The northern puffback is a species of bird in the family Malaconotidae. It is found in northern sub-Saharan Africa. It forms a superspecies with the black-backed puffback, which replaces it in eastern equatorial and southern Africa.
Region
Northern sub-Saharan Africa
Typical Environment
Occurs widely from West Africa eastward across the Sahel and Sudanian zones into parts of Central and northeastern Africa. It favors wooded savannas, riverine thickets, gallery forest edges, and secondary growth, and readily uses dense tangles near water. It avoids open desert and the deepest interior of humid rainforest, instead concentrating along edges and mosaic habitats.

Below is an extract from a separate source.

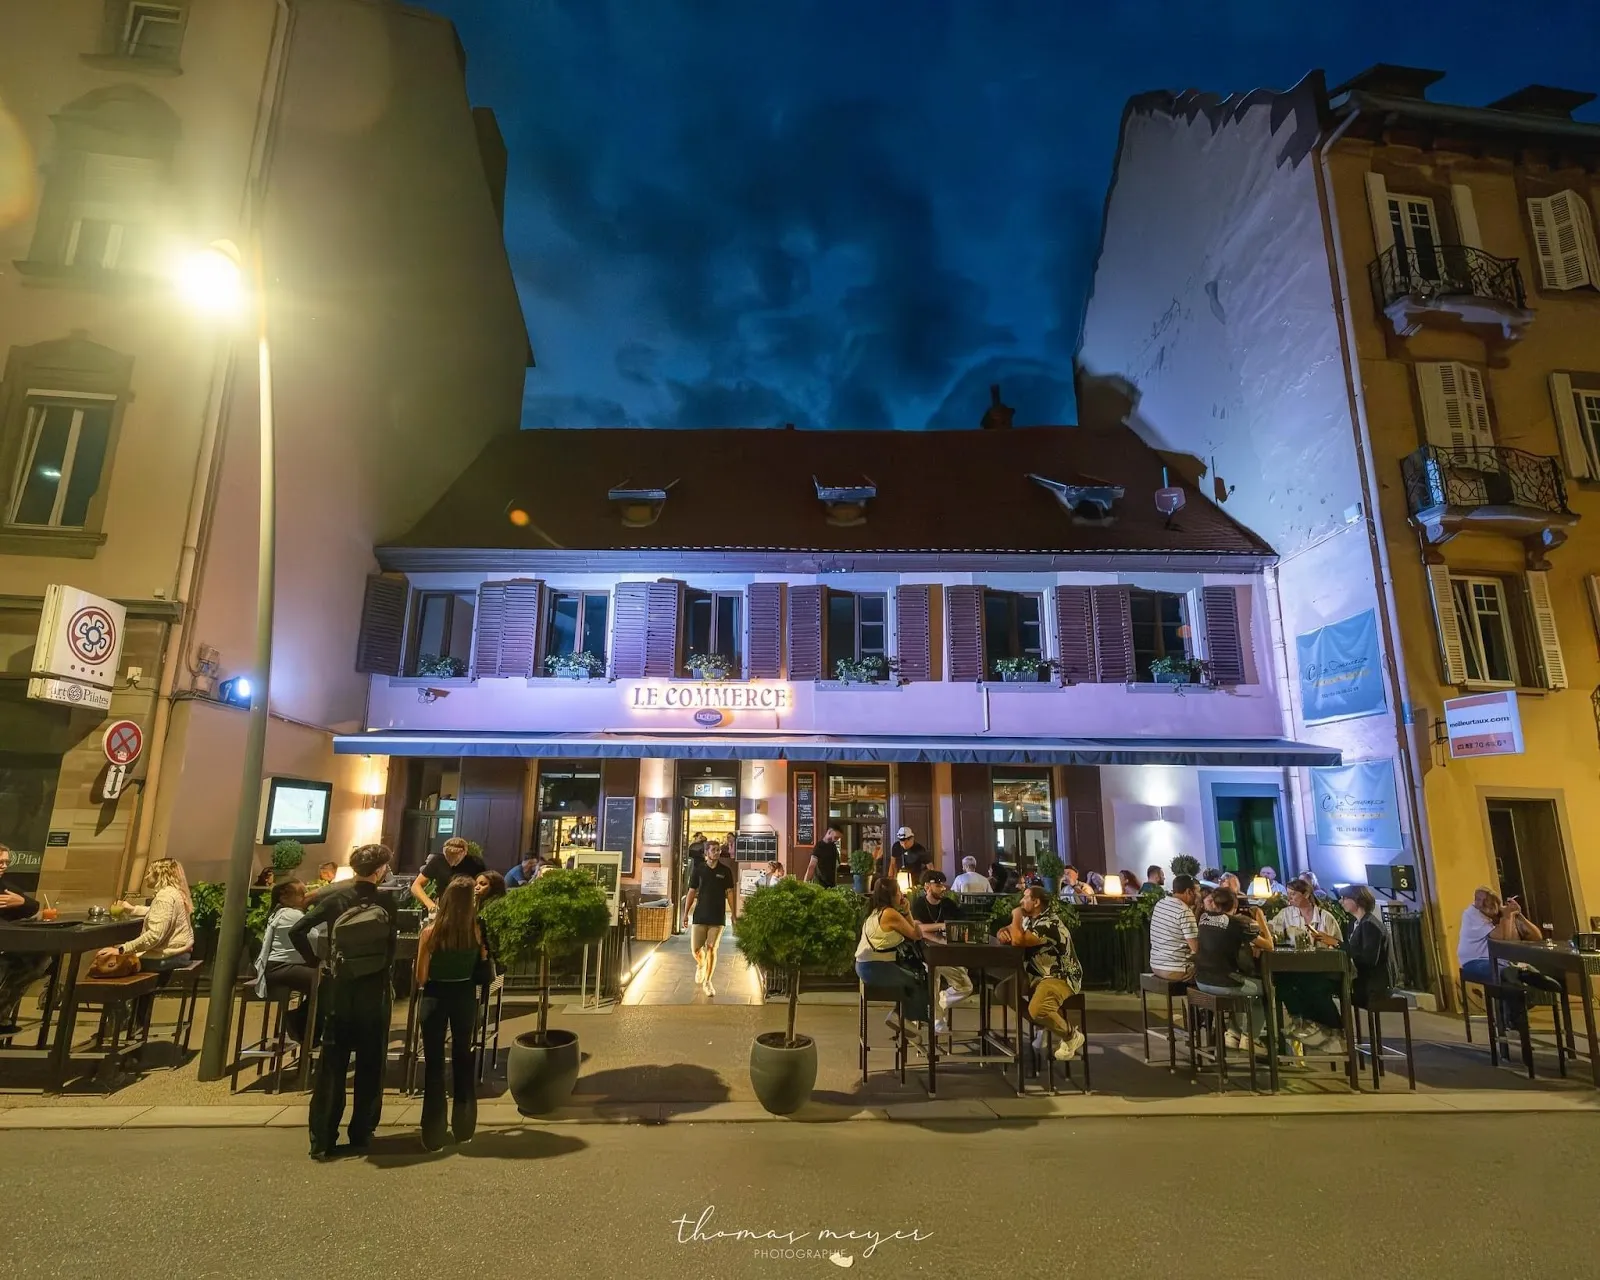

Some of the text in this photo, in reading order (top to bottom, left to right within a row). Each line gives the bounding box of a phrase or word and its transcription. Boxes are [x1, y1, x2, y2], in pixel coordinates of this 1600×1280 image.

[83, 688, 109, 705] Pilates
[634, 687, 786, 708] LE COMMERCE
[1400, 878, 1408, 888] 3

It may also persist in parks and large gardens with mature trees and thick understory.
Altitude Range
0–2000 m
Climate Zone
Tropical
Ease of Keeping
Beginner friendly: 1/5
A member of the bushshrike family (Malaconotidae), the northern puffback is named for the male’s dramatic display in which he puffs out long white back plumes. It inhabits wooded savannas and thickets across northern sub-Saharan Africa and forms a superspecies with the black-backed puffback, which replaces it farther south and east. Pairs often duet, and males perform conspicuous tail-flicking and wing-snapping during courtship. Despite being quite vocal, it can be surprisingly skulking in dense cover.

Temperament
pair-living and territorial
Flight Pattern
short rapid wingbeats
Social Behavior
Typically found as pairs or small family groups, maintaining territories year-round. Pairs engage in antiphonal duets and conspicuous display, with males puffing back plumes and flicking the tail. Nests are neat cups placed low to mid-level in shrubs or small trees, with both sexes involved in care.
Migratory Pattern
Resident
Song Description
Delivers clear, piping whistles interspersed with sharp clicks and chatters. Pairs often duet, with the female answering the male’s phrases. Alarm calls are harsher, while display includes wing-snaps and rapid series of notes.
Plumage
Male is sharply black above and white below with elongated white back plumes that can be flared during display; wings show white patches. Female is greyer-brown above with paler underparts, often with subtle streaking or mottling and a faint pale supercilium. Both sexes have a stout, slightly hooked bill typical of bushshrikes.
Diet
Primarily hunts insects such as beetles, grasshoppers, caterpillars, termites, and wasps, as well as spiders and other small arthropods. It gleans prey from leaves and branches, probes into clumps of foliage, and occasionally flies out to snatch prey in short sallies. It may take small snails or other invertebrates and rarely small berries when insects are scarce.
Preferred Environment
Forages in dense thickets, along forest edges, and in the midstory of wooded savanna and riparian scrub. Often works methodically through vine tangles and bushy growth, sometimes accompanying mixed-species flocks along edges.